La solitudine ti spaventa? Cosa ti manca?
La solitudine non mi spaventa, mi dà un po’ di ansia il fatto che non sia una libera scelta e non sapere quando finirà. Mi manca molto la vita di prima anche se le mie giornate erano piene e spesso faticose. Cinque nipotini tra i due e i dieci anni da accudire un paio di pomeriggi la settimana, due genitori quasi centenari sempre più fragili e bisognosi di un po’ di compagnia, e poi l’attività di volontariato, quella programmata di cui ho già parlato e quella “ di strada” che facevo in aiuto a profughi in arrivo via Trieste dalla rotta balcanica e di passaggio a Milano solo per pochi giorni.
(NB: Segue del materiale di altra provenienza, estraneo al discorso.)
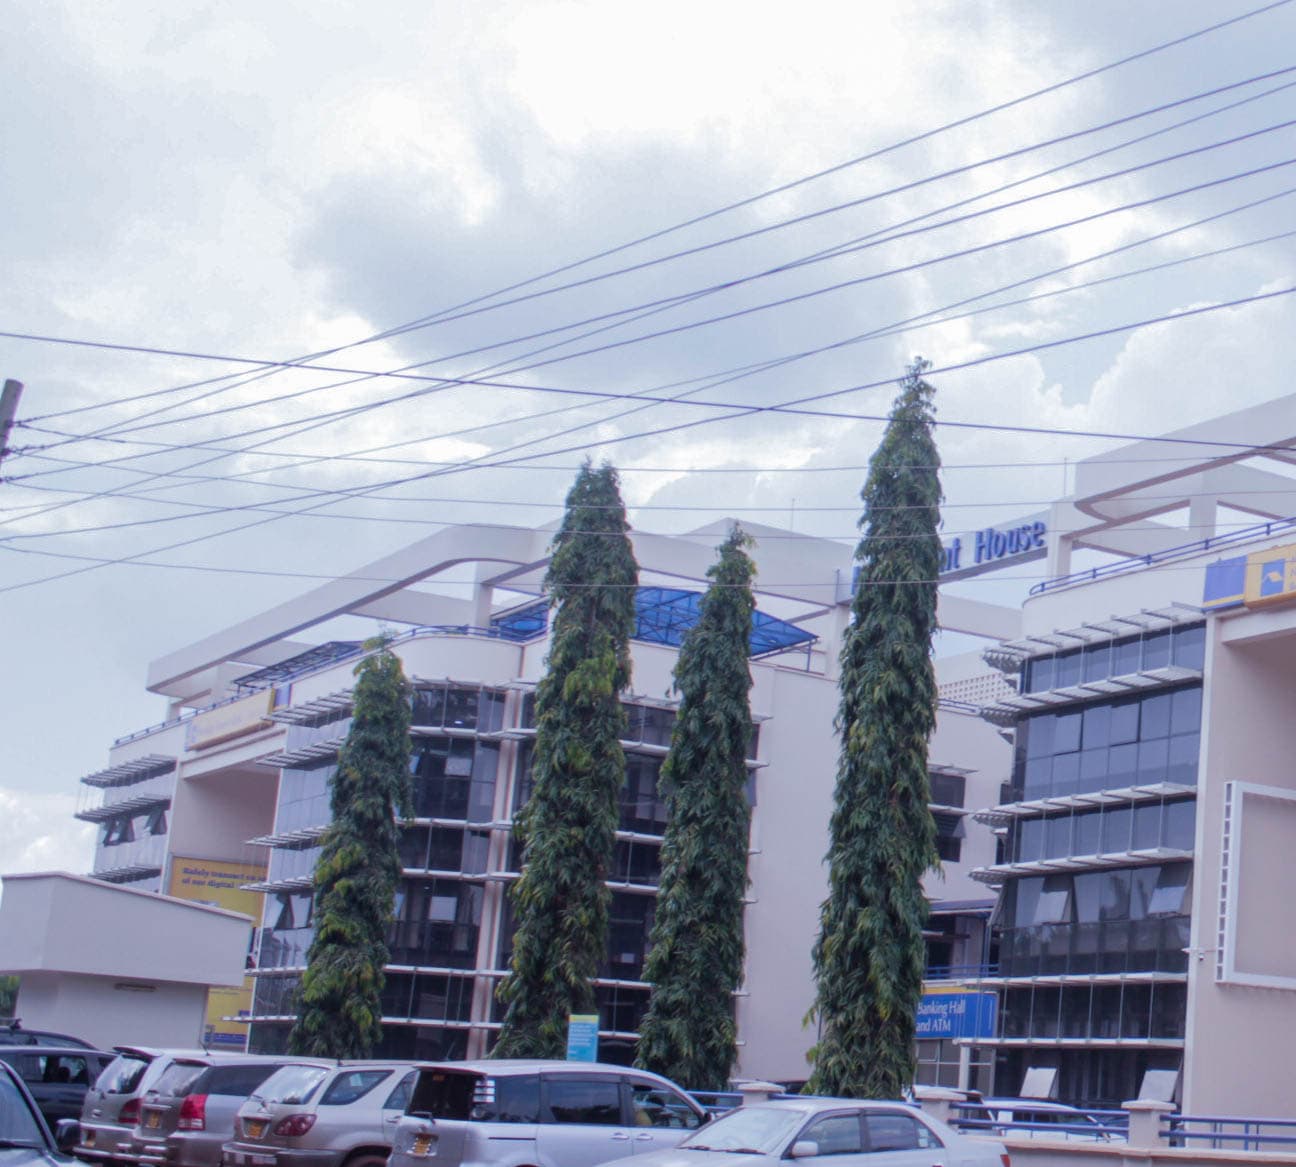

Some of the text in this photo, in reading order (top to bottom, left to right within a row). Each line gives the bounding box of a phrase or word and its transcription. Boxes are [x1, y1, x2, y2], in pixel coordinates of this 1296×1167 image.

[975, 521, 1047, 564] House
[917, 999, 966, 1018] Banking Hall
[915, 1017, 951, 1032] and ATM
Ora mi mancano i bambini di cui sto perdendo momenti di crescita preziosi, mi mancano in generale le mie amiche, quelle del cinema last minute e quelle del volontariato di strada. E mi mancano i ragazzi miei ex studenti nel centro di accoglienza di via Sammartini dove ho fatto volontariato per tre anni. Ora sono ospiti di altri centri, alcuni sono ormai autonomi in una propria abitazione ma non mi hanno dimenticato. Con alcuni di loro è rimasto un rapporto di amicizia e di profondo affetto. Mio marito dice che a nostra insaputa li abbiamo adottati. Forse è vero se si sentivano liberi di passare senza preavviso, spesso all’ora di cena. Passavano per un consiglio o una richiesta di aiuto, altre volte solo per la voglia di fare due chiacchiere. Vengo da una famiglia numerosa dove mia mamma cucinava per un certo numero di persone ma non si sapeva mai in quanti ci saremmo seduti a tavola. Così anche per me non è un problema aggiungere un piatto in più all’ultimo momento. Oggi per mantenere i contatti con tutte queste persone ci sono solo il telefono, whatsapp e Zoom.
E poi mi mancano i week end nella mia casa di Lerici, il piccolo giardino, la terrazza su cui pranziamo guardando il mare.
Qual è la prima cosa che farai appena finita l’emergenza?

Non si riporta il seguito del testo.